At the beginning of the semester I decided I was going to use some different approaches in my teaching. I just finished grading the exams from two different course in which I have employed similar methodology. The results were fascinating to me and counter to my expectations.
For the first third of the semester I teach two courses with overlapping material:
Meets 3x / week
50 minute classes
2 quizzes during my reign of terror
Mandatory midterm exam
Course covering breadth rather than depth.
Meets 2x / week
75 minute classes
No quizzes during this time
Optional* midterm exam (*long story here)
Course deals with similar material as Course 1, but in greater depth.

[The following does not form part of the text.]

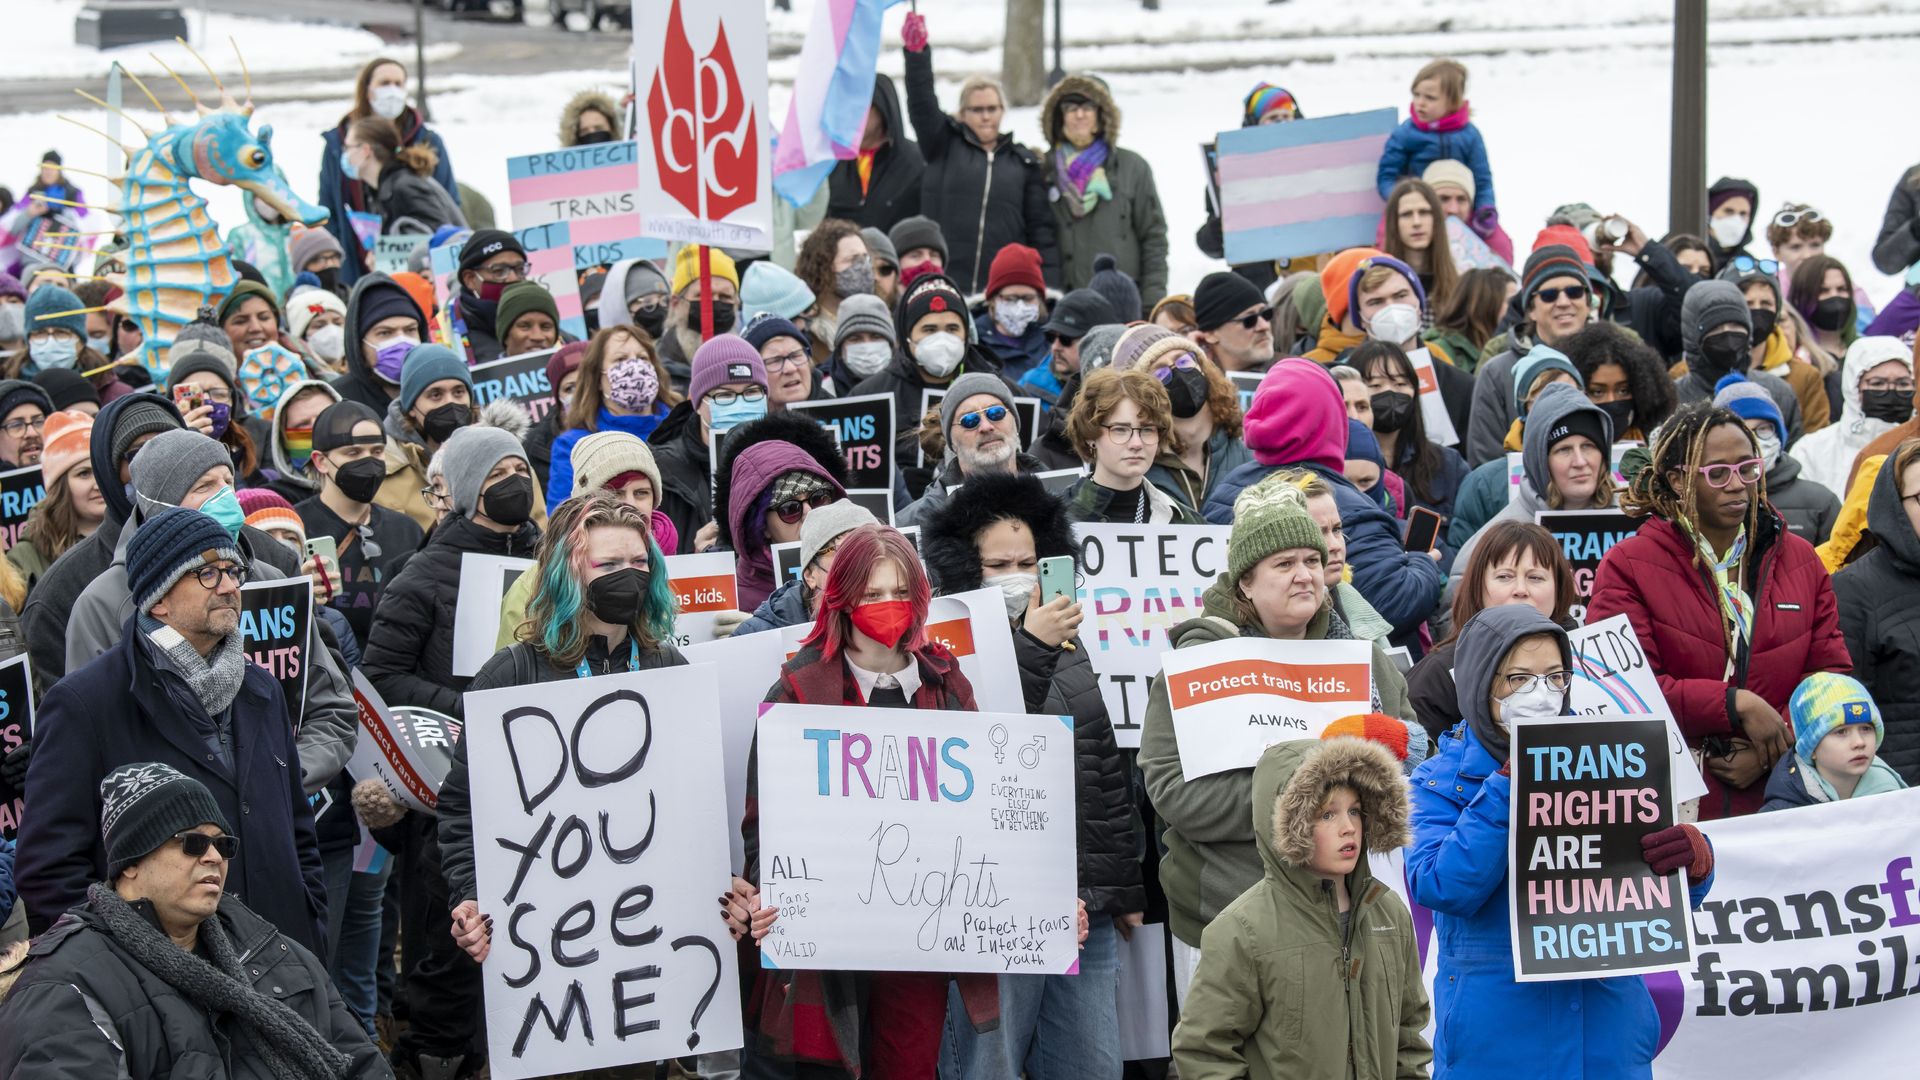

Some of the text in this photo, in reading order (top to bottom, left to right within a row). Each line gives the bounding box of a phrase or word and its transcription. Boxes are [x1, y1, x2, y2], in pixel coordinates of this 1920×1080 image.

When I started the semester I was certain I would see an improvement in retention in the smaller class, based on the use of Think/Pair/Share activities and I thought the clicker questions would help the larger class. I wasn't sure how Class one would do with the T/P/S stuff.
Large improvement in class one, based on exam performance. There was about a 10 point increase in the midterm grade average over the last two years of classes. Part of this might be me retooling these lectures and cutting the material down substantially, but that was largely driven by needing to rethink my lectures to incorporate new activities. In years past we have seen about 10-15% of the class drop after the first exam. This year I will be surprised if the number is as high as 5%.
Class two is a different matter. The grades on this midterm was demonstrably worse than last year, with the class average dropping nearly 10 points compared to three other semesters. Despite me teaching concepts, discussing them in groups and back with the class, AND seeing them in lab, some concepts remain mysterious to the students. Honestly, this hurts my brain to imagine how this is happening, but clearly roughly half the students are missing these concepts that are dangled right in front of them half a dozen times. Surprisingly, the T/P/S and clickers have had no effect on retention. If anything, there has been a decline. It is notable that I have reduced the material covered in this class as well, based on incorporating new techniques.
So the puzzle of class two has me a little stumped. This is problematic because I teach this class the whole semester. Part of the reason I'm not too freaked out yet is because some of the students clearly came in knowing they could drop one exam and winged it. You don't get two students with single digit grades if they are taking it seriously. The exam policy was instituted so that I didn't have to chase people down for make-up exams, but I may be seeing a secondary effect that will even out as students get a little more serious for the next one. However, I had this policy last year. Not having quizzes may also be hurting the students' preparation, but this also isn't new.
I guess the second exam will be informative, but it would be nice to address the issue before we get there.